Q: Was my dad's Income Only Medicaid Asset Protection Trust a good idea? Need to use trust income to pay for elder care.
About 6 years ago, my dad went into an assisted living facility and, AT THAT TIME, a lawyer put most of his assets in an Irrevocable Income-Only Medicaid asset protection trust. At the time, costs were reasonable ($3500/month) and he had a good Long Term Care policy. My dad went through with this plan. Well, 3 years ago, he had to move to a higher level of care assisted living facility ($7500 / month) and his LTC policy is now exhausted. In 2 years, he will be out of personal assets. I'm worried that the lawyer's plan isn't working as expected. She seemed to have anticipated him staying in the cheaper facility for much longer and then going to a Medicaid accepting nursing home if his health got worse. She didn't seem to anticipate his current situation, where he needed a higher level of care assisted living home, but not nursing. Is this an uncommon situation? What is the typical advice?
A: Except in California (where the lookback period is only 2.5 years), the Medicaid lookback period is 5 years. That means Medicaid pre-planning must be done at least 5 years in advance of the need for long-term care. When it comes to Medicaid pre-planning, an accurate crystal ball is extremely helpful, but nobody seems to have one that works, so all we can do is hope for the best.
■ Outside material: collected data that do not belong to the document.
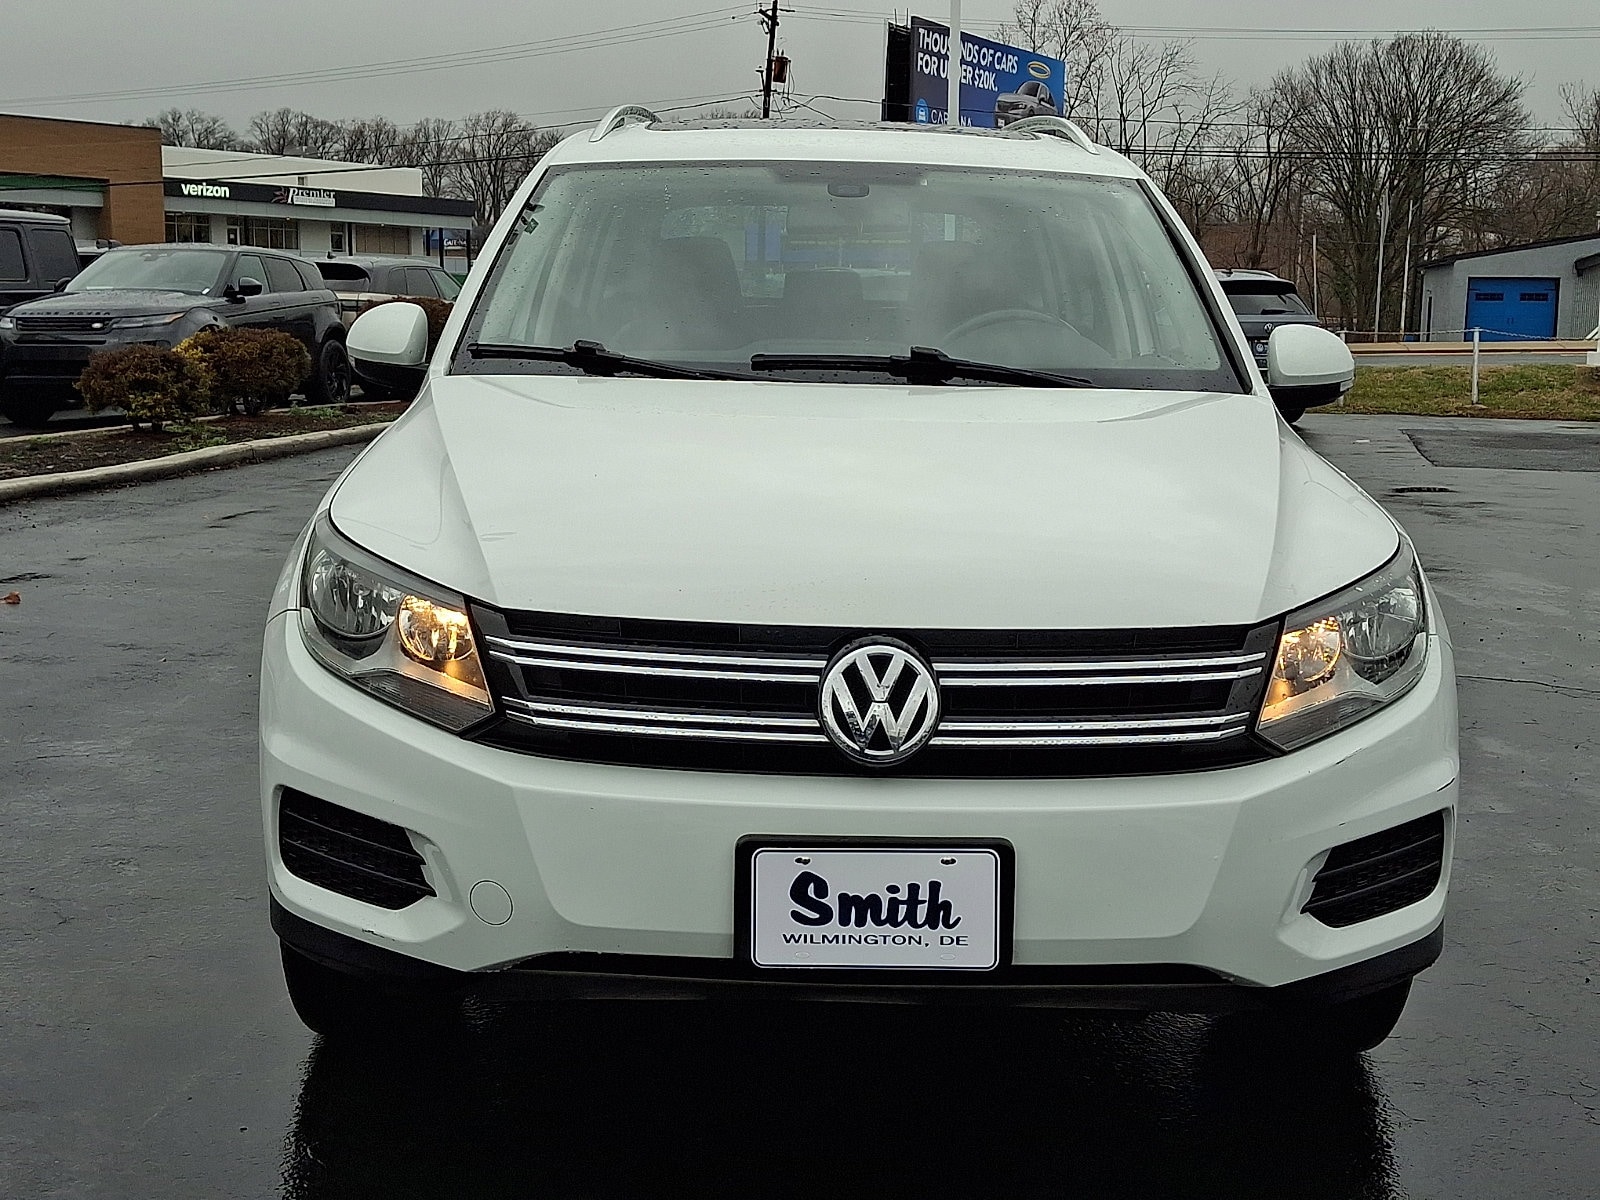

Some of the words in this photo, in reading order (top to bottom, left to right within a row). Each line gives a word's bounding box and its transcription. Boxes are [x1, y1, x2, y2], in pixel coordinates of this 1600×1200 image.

[918, 28, 979, 64] THOUNDS
[980, 47, 994, 67] OF
[994, 51, 1018, 74] CARS
[917, 52, 938, 76] FOR
[939, 56, 973, 86] UER
[974, 66, 998, 92] $20K.
[931, 109, 972, 127] CARNA
[180, 182, 230, 198] verizon
[287, 187, 336, 204] Premier
[789, 870, 962, 930] Smith
[782, 933, 930, 948] WILMINGTON,
[939, 935, 969, 946] DE
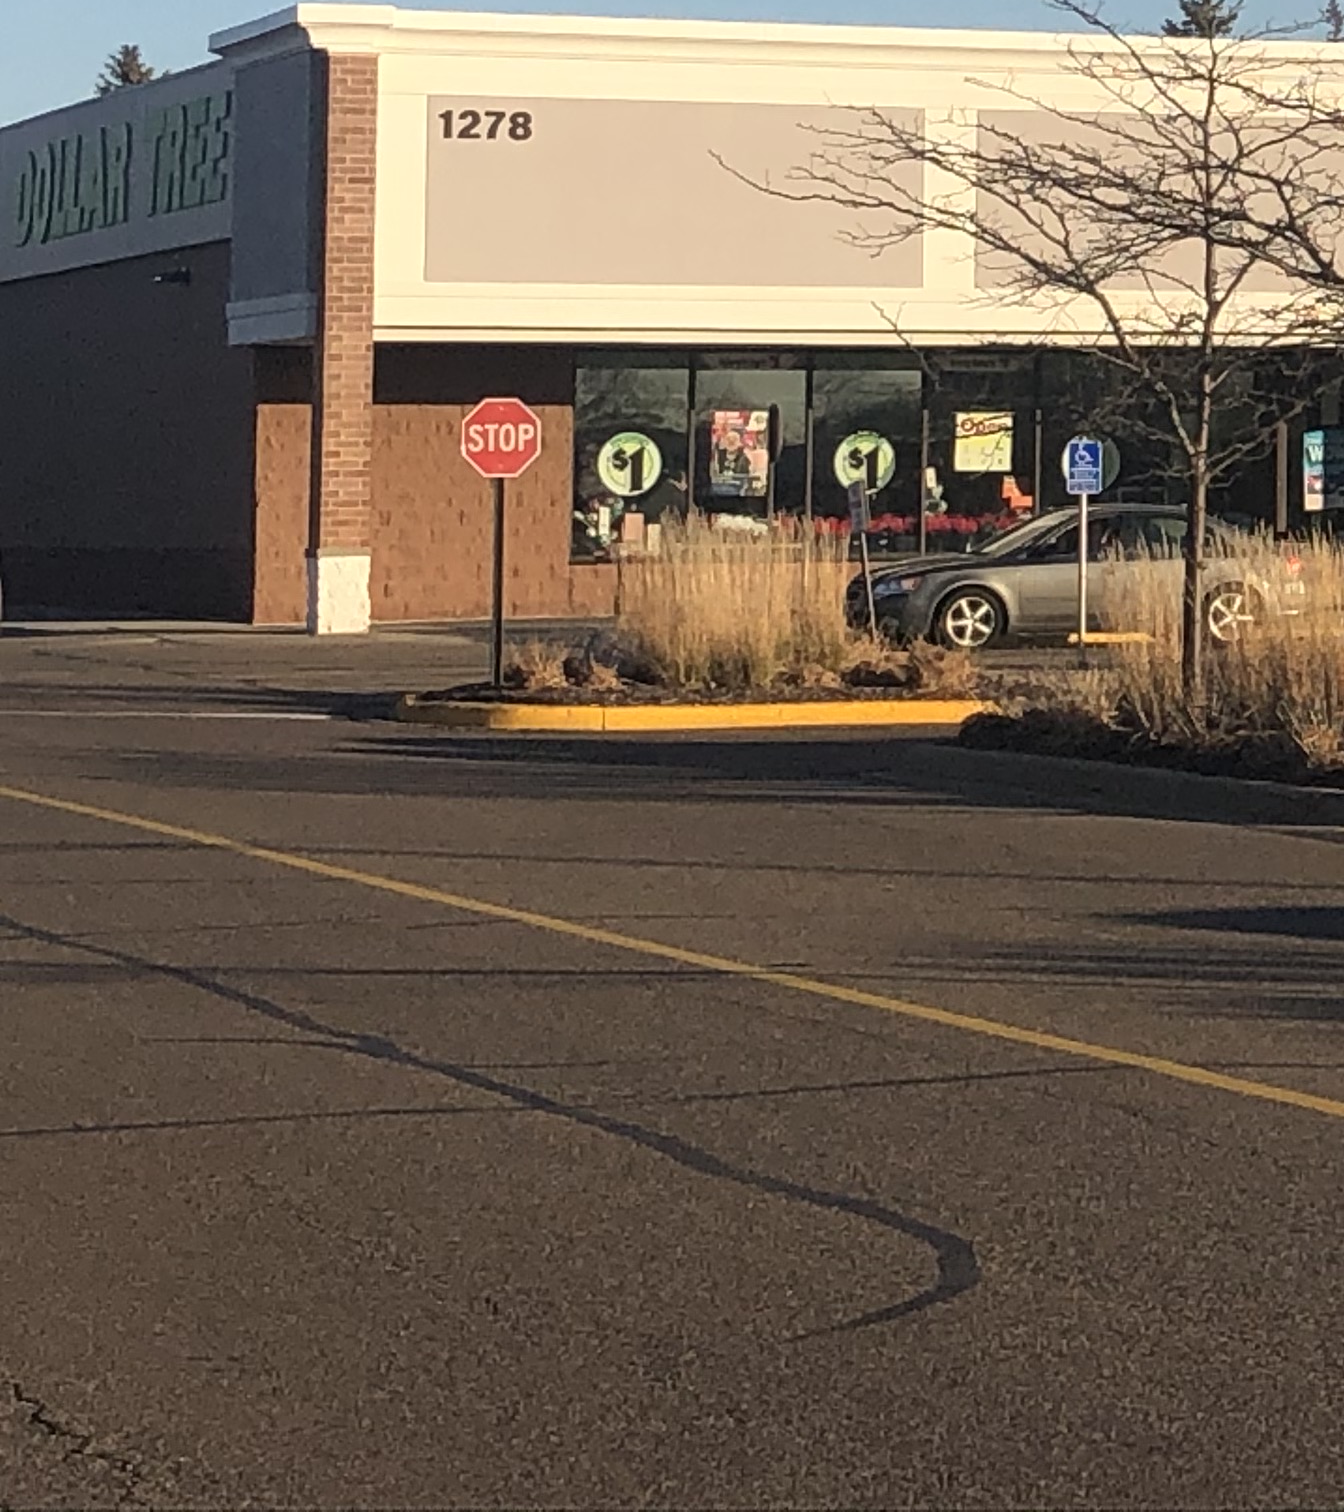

Yes, it does happen that the Medicaid pre-planning client does not quite make it a whole five years before needing long-term care. When that happens you should go back to the attorney that did the planning and ask what the next step is. He or she did not do anything wrong, so you are not approaching the attorney to berate him or her. The attorney has a pretty detailed file and can re-calculate numbers based upon the current situation and make a recommendation. Number crunching is required to determine what makes the most sense financially. It might be best to private pay until the 5 year mark is reached and then apply for Medicaid. Or, it might make sense to "undo" the planning (gift everything back) and then do crisis planning using different techniques.